# Help! Dog at 1/2 a kitchen sponge



## RubySlippers (Apr 19, 2007)

Ruby nibbled half the kitchen sponge this morning! She's captured it before and nibbled a quarter of it - no problems. But this time it was half. It's the small kind that yellow and green and it was already wet from being in the sink. 

Man.. I hope this doesn't cause a problem! Can you anyone out there tell me if they've had thier dogs do this and if they were ok??
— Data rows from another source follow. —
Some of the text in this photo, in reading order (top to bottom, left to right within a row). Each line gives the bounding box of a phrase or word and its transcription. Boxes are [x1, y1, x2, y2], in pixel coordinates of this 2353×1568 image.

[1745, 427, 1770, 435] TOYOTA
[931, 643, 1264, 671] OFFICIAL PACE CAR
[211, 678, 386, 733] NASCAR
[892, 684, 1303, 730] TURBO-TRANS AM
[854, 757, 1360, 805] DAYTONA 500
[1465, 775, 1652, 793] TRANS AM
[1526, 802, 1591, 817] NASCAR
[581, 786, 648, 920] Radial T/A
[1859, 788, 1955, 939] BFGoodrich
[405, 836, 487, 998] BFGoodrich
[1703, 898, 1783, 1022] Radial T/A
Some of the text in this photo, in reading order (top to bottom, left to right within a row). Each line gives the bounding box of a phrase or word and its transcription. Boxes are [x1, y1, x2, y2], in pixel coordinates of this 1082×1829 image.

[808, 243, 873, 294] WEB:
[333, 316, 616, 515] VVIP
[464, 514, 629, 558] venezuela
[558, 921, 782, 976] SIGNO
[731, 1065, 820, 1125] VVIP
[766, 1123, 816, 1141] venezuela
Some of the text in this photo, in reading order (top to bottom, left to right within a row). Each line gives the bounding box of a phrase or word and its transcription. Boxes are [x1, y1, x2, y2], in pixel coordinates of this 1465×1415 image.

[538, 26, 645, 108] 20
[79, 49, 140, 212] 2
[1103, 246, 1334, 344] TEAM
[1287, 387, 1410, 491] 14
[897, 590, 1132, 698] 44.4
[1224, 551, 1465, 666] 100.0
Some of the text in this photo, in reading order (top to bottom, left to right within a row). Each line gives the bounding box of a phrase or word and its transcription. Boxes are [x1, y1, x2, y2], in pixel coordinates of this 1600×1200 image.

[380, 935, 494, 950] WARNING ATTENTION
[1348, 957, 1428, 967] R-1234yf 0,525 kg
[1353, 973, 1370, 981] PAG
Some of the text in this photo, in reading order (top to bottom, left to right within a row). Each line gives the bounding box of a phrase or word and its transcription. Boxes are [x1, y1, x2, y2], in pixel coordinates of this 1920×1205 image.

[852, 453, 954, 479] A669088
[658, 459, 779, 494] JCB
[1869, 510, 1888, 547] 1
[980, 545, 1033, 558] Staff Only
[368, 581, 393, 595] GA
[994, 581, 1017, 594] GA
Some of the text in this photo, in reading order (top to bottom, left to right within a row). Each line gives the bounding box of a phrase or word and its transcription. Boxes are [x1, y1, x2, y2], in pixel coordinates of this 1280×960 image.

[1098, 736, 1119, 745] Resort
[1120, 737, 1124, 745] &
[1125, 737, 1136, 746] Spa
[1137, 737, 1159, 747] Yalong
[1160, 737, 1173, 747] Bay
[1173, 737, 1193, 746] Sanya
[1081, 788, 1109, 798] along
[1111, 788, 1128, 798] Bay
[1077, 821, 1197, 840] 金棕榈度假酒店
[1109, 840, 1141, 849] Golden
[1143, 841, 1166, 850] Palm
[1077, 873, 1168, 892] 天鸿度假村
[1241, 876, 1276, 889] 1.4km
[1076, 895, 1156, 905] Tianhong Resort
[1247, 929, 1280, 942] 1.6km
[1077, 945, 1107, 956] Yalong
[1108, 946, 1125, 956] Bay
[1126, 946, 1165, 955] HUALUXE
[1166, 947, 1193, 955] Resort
She looks fell is acting fine- no vomitting or anything- it's been about an hour now. She's actually bored- wants me to feed her.


----------



## littledmc17 (Apr 9, 2008)

I would call the vet and see what they say


----------



## VectorSketcher (Jul 20, 2008)

Hmmm, not that it matters or makes a difference but what kind of sponge was it? Did it have a scouring pad on one side? The things they get into. I hope she will be ok, Riddick once ate my iPod, for revenge on a missed run one morning, but he ended up being ok. I just watched his poo for the rest of the day, and he ended up passing some of the iPod material through.


----------



## RubySlippers (Apr 19, 2007)

I had a scrubby side, but not the steel wool mean stuff. 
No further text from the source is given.